Assignment.
Print out the records in full, keeping each word unchanged.

Material for this exercise.
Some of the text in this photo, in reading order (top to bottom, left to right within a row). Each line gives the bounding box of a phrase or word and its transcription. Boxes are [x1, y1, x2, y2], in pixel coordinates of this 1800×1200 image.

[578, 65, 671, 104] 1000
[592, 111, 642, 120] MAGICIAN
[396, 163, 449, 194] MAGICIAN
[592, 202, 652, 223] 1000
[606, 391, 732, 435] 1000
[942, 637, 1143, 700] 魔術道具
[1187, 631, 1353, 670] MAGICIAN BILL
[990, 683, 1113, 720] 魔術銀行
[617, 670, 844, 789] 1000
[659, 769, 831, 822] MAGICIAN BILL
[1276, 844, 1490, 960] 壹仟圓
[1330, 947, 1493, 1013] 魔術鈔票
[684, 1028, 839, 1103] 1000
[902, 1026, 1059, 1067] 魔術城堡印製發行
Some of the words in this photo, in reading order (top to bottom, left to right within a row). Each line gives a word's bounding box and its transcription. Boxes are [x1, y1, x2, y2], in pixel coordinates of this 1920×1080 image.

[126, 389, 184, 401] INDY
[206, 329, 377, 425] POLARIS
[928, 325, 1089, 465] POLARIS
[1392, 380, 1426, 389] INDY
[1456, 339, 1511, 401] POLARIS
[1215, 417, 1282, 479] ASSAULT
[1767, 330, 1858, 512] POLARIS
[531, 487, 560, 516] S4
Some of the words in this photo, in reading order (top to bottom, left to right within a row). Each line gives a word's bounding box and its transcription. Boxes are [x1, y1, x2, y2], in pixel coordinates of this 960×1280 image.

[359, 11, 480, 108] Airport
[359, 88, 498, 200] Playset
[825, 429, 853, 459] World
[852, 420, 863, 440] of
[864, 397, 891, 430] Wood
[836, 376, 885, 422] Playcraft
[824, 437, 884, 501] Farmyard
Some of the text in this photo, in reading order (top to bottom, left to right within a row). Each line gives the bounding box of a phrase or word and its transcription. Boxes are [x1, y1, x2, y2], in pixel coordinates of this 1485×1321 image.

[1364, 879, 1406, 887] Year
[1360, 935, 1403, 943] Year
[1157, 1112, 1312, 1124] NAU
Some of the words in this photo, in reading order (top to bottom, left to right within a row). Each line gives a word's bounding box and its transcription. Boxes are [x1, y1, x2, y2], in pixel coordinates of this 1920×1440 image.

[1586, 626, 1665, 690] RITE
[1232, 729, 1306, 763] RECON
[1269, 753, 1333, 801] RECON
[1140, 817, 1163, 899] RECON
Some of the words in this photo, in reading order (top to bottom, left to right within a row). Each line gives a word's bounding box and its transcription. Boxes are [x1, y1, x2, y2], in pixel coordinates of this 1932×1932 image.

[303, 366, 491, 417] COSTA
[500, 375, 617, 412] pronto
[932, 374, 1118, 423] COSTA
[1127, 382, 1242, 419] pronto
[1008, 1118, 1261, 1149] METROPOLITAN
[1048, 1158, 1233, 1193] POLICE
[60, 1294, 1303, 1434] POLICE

Answer box.
Some of the text in this photo, in reading order (top to bottom, left to right within a row). Each line gives the bounding box of a phrase or word and its transcription. Boxes are [x1, y1, x2, y2], in pixel coordinates of this 1800×1200 image.

[578, 65, 671, 104] 1000
[592, 111, 642, 120] MAGICIAN
[396, 163, 449, 194] MAGICIAN
[592, 202, 652, 223] 1000
[606, 391, 732, 435] 1000
[942, 637, 1143, 700] 魔術道具
[1187, 631, 1353, 670] MAGICIAN BILL
[990, 683, 1113, 720] 魔術銀行
[617, 670, 844, 789] 1000
[659, 769, 831, 822] MAGICIAN BILL
[1276, 844, 1490, 960] 壹仟圓
[1330, 947, 1493, 1013] 魔術鈔票
[684, 1028, 839, 1103] 1000
[902, 1026, 1059, 1067] 魔術城堡印製發行
Some of the words in this photo, in reading order (top to bottom, left to right within a row). Each line gives a word's bounding box and its transcription. Boxes are [x1, y1, x2, y2], in pixel coordinates of this 1920×1080 image.

[126, 389, 184, 401] INDY
[206, 329, 377, 425] POLARIS
[928, 325, 1089, 465] POLARIS
[1392, 380, 1426, 389] INDY
[1456, 339, 1511, 401] POLARIS
[1215, 417, 1282, 479] ASSAULT
[1767, 330, 1858, 512] POLARIS
[531, 487, 560, 516] S4
Some of the words in this photo, in reading order (top to bottom, left to right within a row). Each line gives a word's bounding box and its transcription. Boxes are [x1, y1, x2, y2], in pixel coordinates of this 960×1280 image.

[359, 11, 480, 108] Airport
[359, 88, 498, 200] Playset
[825, 429, 853, 459] World
[852, 420, 863, 440] of
[864, 397, 891, 430] Wood
[836, 376, 885, 422] Playcraft
[824, 437, 884, 501] Farmyard
Some of the text in this photo, in reading order (top to bottom, left to right within a row). Each line gives the bounding box of a phrase or word and its transcription. Boxes are [x1, y1, x2, y2], in pixel coordinates of this 1485×1321 image.

[1364, 879, 1406, 887] Year
[1360, 935, 1403, 943] Year
[1157, 1112, 1312, 1124] NAU
Some of the words in this photo, in reading order (top to bottom, left to right within a row). Each line gives a word's bounding box and its transcription. Boxes are [x1, y1, x2, y2], in pixel coordinates of this 1920×1440 image.

[1586, 626, 1665, 690] RITE
[1232, 729, 1306, 763] RECON
[1269, 753, 1333, 801] RECON
[1140, 817, 1163, 899] RECON
Some of the words in this photo, in reading order (top to bottom, left to right within a row). Each line gives a word's bounding box and its transcription. Boxes are [x1, y1, x2, y2], in pixel coordinates of this 1932×1932 image.

[303, 366, 491, 417] COSTA
[500, 375, 617, 412] pronto
[932, 374, 1118, 423] COSTA
[1127, 382, 1242, 419] pronto
[1008, 1118, 1261, 1149] METROPOLITAN
[1048, 1158, 1233, 1193] POLICE
[60, 1294, 1303, 1434] POLICE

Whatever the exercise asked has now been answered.